Several inactivation studies related to food safety issues have also been addressed recently by using PMA-viability RTqPCR assays, but the number of reports on the applicability of such methods on complex matrixes such as bivalve mollusks are still low (Moreno et al., 2015; Quijada et al., 2016; Randazzo et al., 2018).
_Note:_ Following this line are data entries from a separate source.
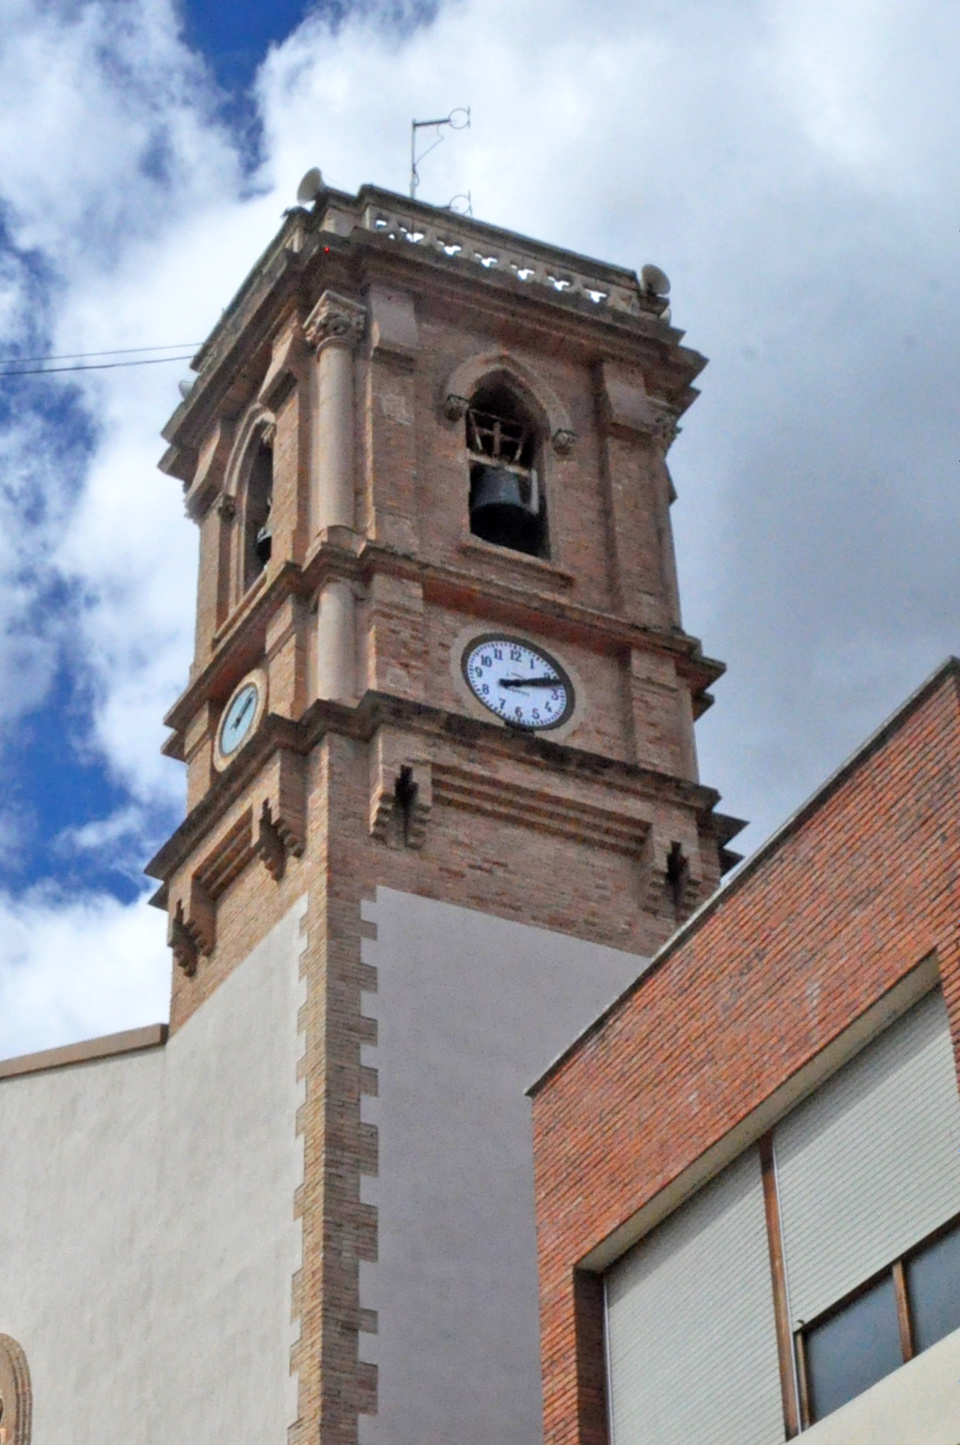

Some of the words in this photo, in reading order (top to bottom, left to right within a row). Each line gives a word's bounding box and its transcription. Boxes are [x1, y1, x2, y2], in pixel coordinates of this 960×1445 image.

[494, 648, 503, 661] 11
[510, 649, 522, 662] 12
[481, 655, 493, 667] 10
[529, 658, 536, 669] 1
[475, 666, 483, 678] 9
[482, 683, 490, 695] 8
[551, 688, 559, 701] 3
[498, 698, 507, 710] 7
[544, 701, 553, 713] 4
[515, 706, 523, 719] 6
[532, 707, 540, 720] 5
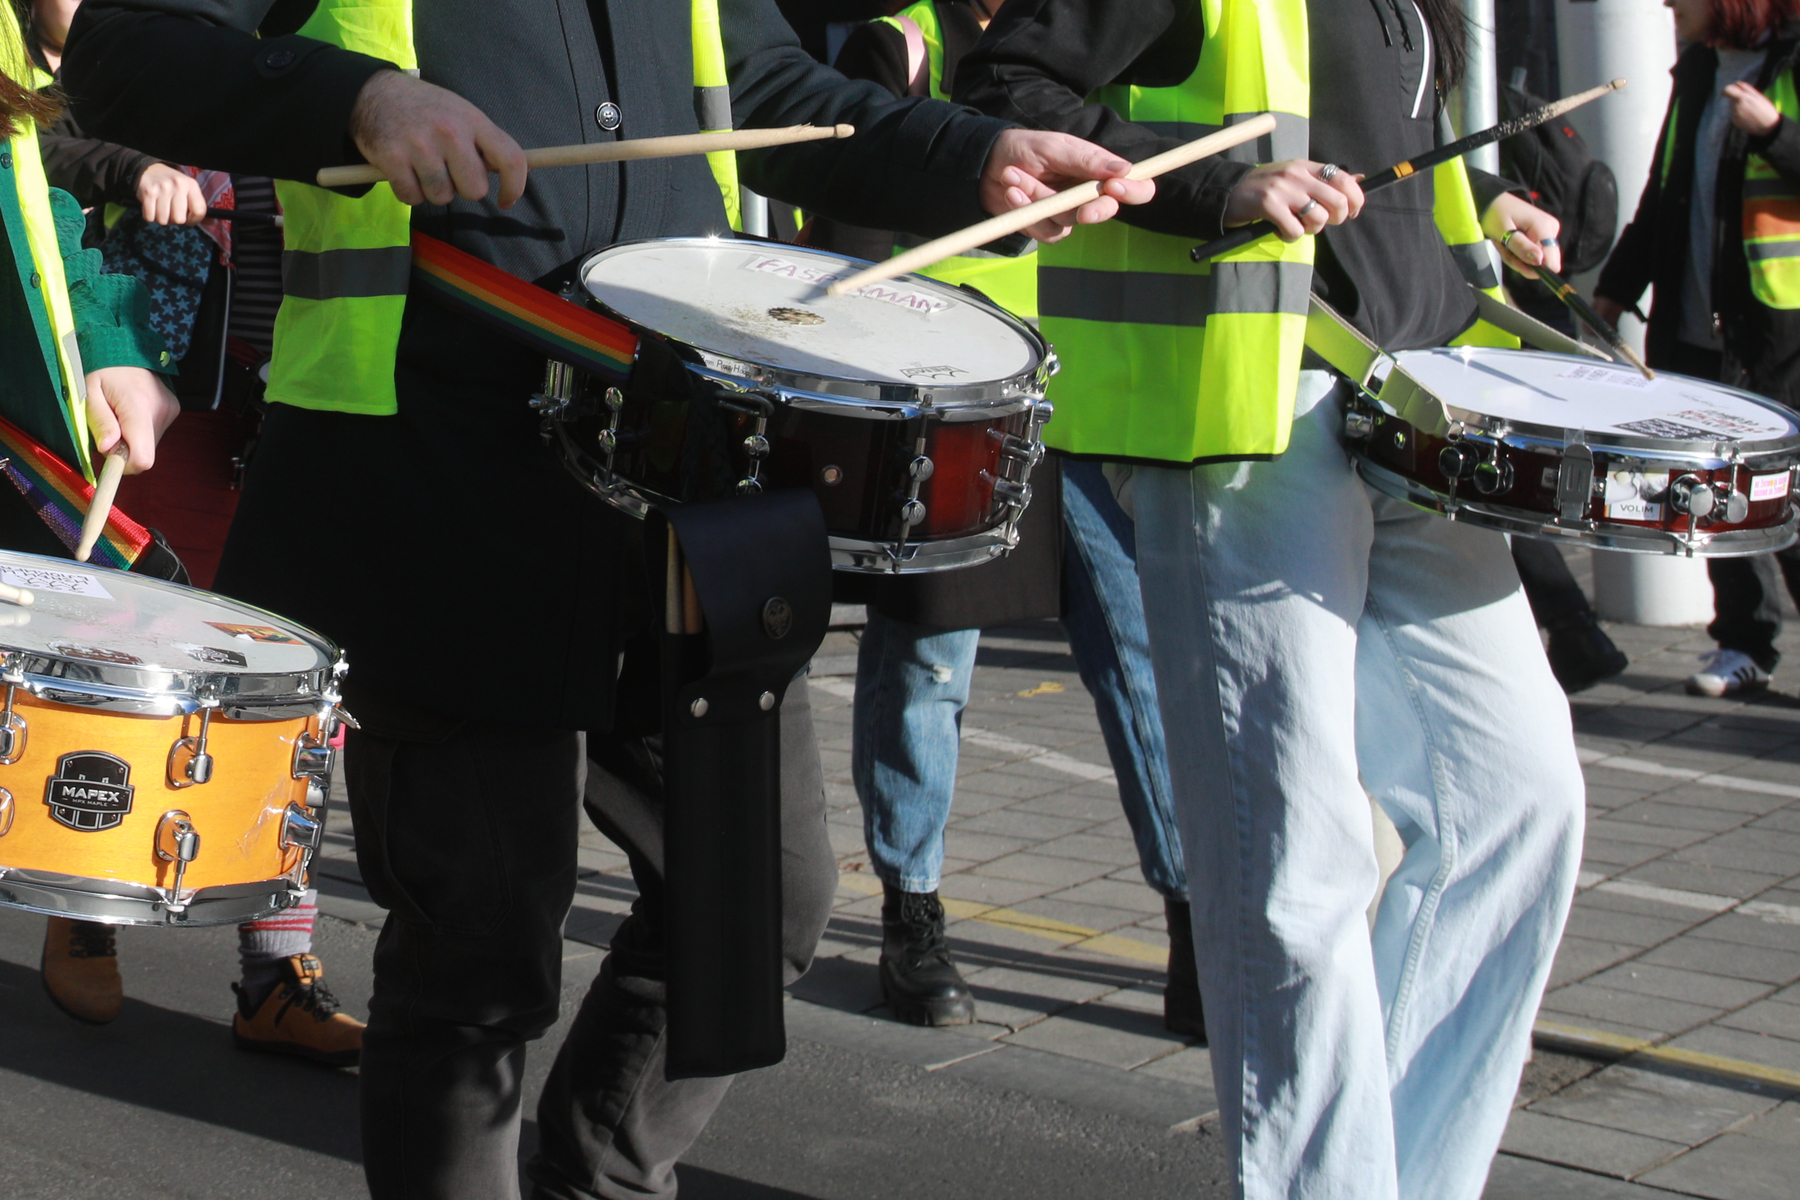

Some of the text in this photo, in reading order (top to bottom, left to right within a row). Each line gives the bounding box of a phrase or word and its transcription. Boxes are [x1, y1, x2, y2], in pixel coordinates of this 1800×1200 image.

[756, 258, 942, 314] FASPMAN
[1620, 504, 1654, 514] VOLIM
[62, 785, 120, 803] MAPEX
The objective of the present work was to evaluate the effect of heat treatment in mollusks experimentally contaminated with HuNoV and HAV, inferred by PMA-viability RTqPCR assay to minimize measurement of non-infectious viruses. Clams were selected due to their high reported levels of HuNoV contamination (Guix et al., 2019), because they are often heat-treated by producers and/or distributors and sold as cooked, and due to the lack of published studies focusing on HuNoV inactivation in this type of mollusk. Heat treatment was designed so that it could be assured that internal temperature of clams was maintained above 90°C for at least 90 s, following the EU regulatory guidelines, and seeking a performance criterion of at least 4 log10 inactivation of infectious viruses (Millard et al., 1987; Lees, 2000). The generated data will be valuable to improve the thermal inactivation models existing for HAV and to contribute to the better understanding of HuNoV heat tolerability in shellfish.
Materials and Methods
Viral Stocks
Stool specimens positive for HuNoV GI.6 and GII.4 (New_Orleans_2009) from patients with gastroenteritis were obtained from previously studied gastroenteritis outbreaks (Sabria et al., 2014). Ten percentage (wt/v) stool suspensions in phosphate buffered saline (PBS) buffer were prepared and viral genome concentrations were determined by RTqPCR quantification, following the protocol described at the ISO 15216-1:2017 (ISO15216-1:2017,2017), as previously described (Boxman et al., 2016). The cell-adapted cytopathogenic pHM175 43c strain of HAV (kindly provided by T. Cromeans, Centers for Disease Control and Prevention, Atlanta, GA) was grown in FRhK-4 cells and concentrated virus stocks were obtained as previously described (Aragonès et al., 2008). Viral stocks were titrated by Tissue Culture Infectious Dose 50 (TCID50) assay in FRhK-4 cells, as well as by RTqPCR quantification following the protocol described at the ISO 15216-1:2017 (ISO15216-1:2017,2017).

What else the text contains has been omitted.